Quarterly Provisional Estimates of Infant Mortality, 2016-Quarter 3, 2018
Provisional infant mortality estimates are based on a snapshot of all vital statistics birth and death certificate data received and processed by the National Center for Health Statistics (NCHS) as of a specified cutoff date. To adjust for the potential incompleteness of these data, individual records may need to be weighted to independent provisional counts of all infant deaths that occurred in each state by month. Provisional estimates are subject to revision in future quarterly releases as additional records for that quarter are received. Additionally, approximately one-third of infant death records submitted to NCHS are initially received with the cause of death undetermined or pending an investigation. Infant deaths are often subject to lengthy death scene investigations and autopsy, including many ancillary tests (e.g., toxicology and genetic testing) (1–3). As a result, provisional estimates of infant deaths are not available for the most recent quarters and are provided with a 9-month lag from the close of the quarter to allow for these investigations. The availability of more recent estimates may change in future releases as the timeliness of the data and the reliability of the estimates improve (see Technical Notes).
In this release of Quarterly Provisional Estimates, NCHS presents infant mortality rates based on final data for 2016-2017, and provisional data for 2018. The estimates are based on all death records received and processed by NCHS as of June 7, 2019. Denominators for infant mortality rates (counts of live births) are based on final birth data for 2016-2018 (4,5,6).
Estimates are presented for: infant mortality (deaths of infants under age 1 year per 1,000 live births), neonatal mortality (deaths of infants aged 0–27 days per 1,000 live births), postneonatal mortality (deaths of infants aged 28 days through 11 months per 1,000 live births), and death rates for the five leading causes of infant death (1. Congenital malformations, deformations and chromosomal abnormalities; 2. Disorders related to short gestation and low birth weight, not elsewhere classified; 3. Newborn affected by maternal complications of pregnancy; 4. Sudden infant death syndrome; and 5. Unintentional injuries). (7, 8) These indicators were selected based on their relevance for public health surveillance as well as the feasibility of producing reliable estimates using available provisional data. Additional causes of death may be included in future releases.

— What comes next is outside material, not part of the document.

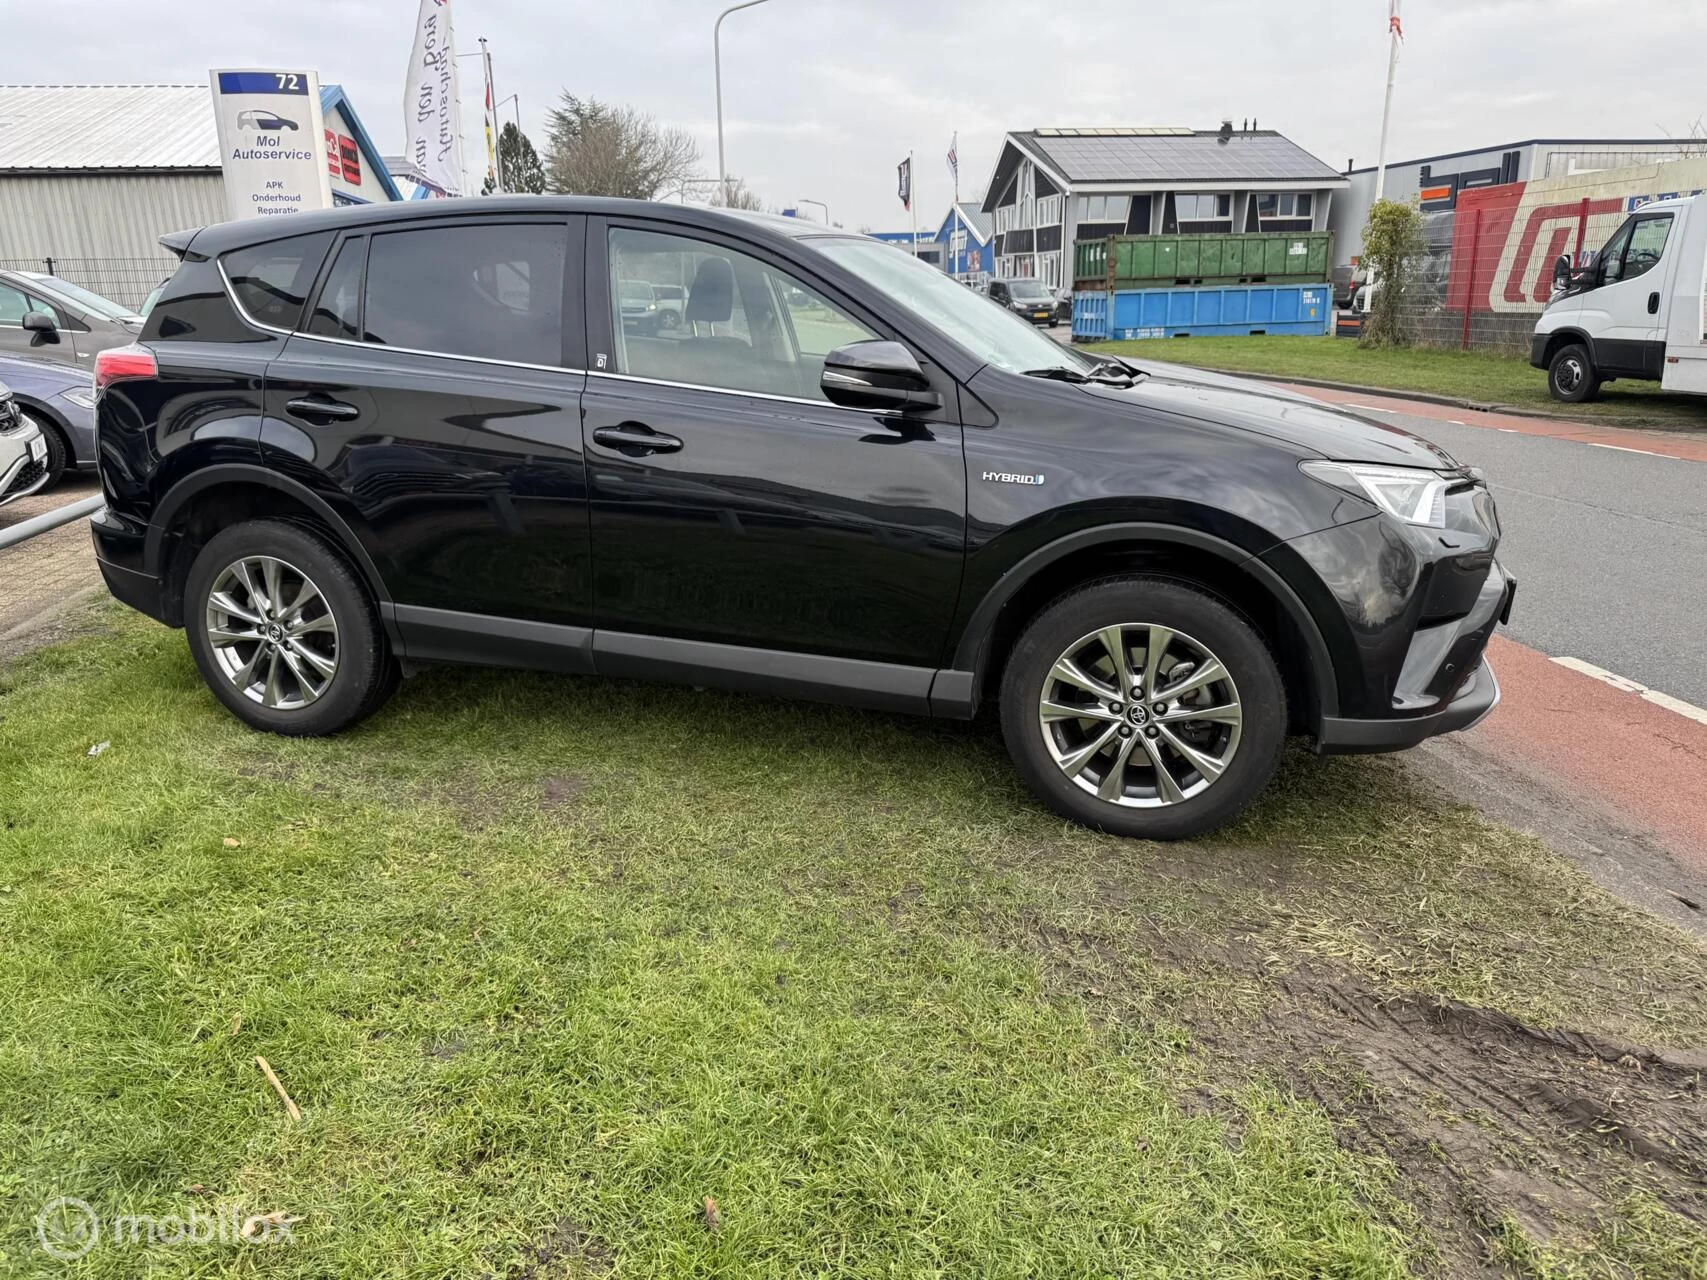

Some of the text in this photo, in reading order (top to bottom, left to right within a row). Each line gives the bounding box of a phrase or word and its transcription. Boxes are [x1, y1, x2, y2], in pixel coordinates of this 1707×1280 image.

The rates for a 12-month period ending with each quarter (i.e., 12-month moving average) are presented to account for seasonality. Quarterly (i.e., 3-month) estimates are not provided due to the potential instability of quarterly estimates as well as seasonal fluctuations in the number of infant deaths and live births. The 12 month-ending estimates correspond to what is presented in final mortality reports (8). Estimates for the 12-month period ending with the fourth-quarter year can be interpreted as an annual provisional estimate for that year. Estimates for the 12-month period ending with the most recent quarter are compared with estimates for the same time period of the preceding year. Differences are reported only if significant (P ≤ 0.05).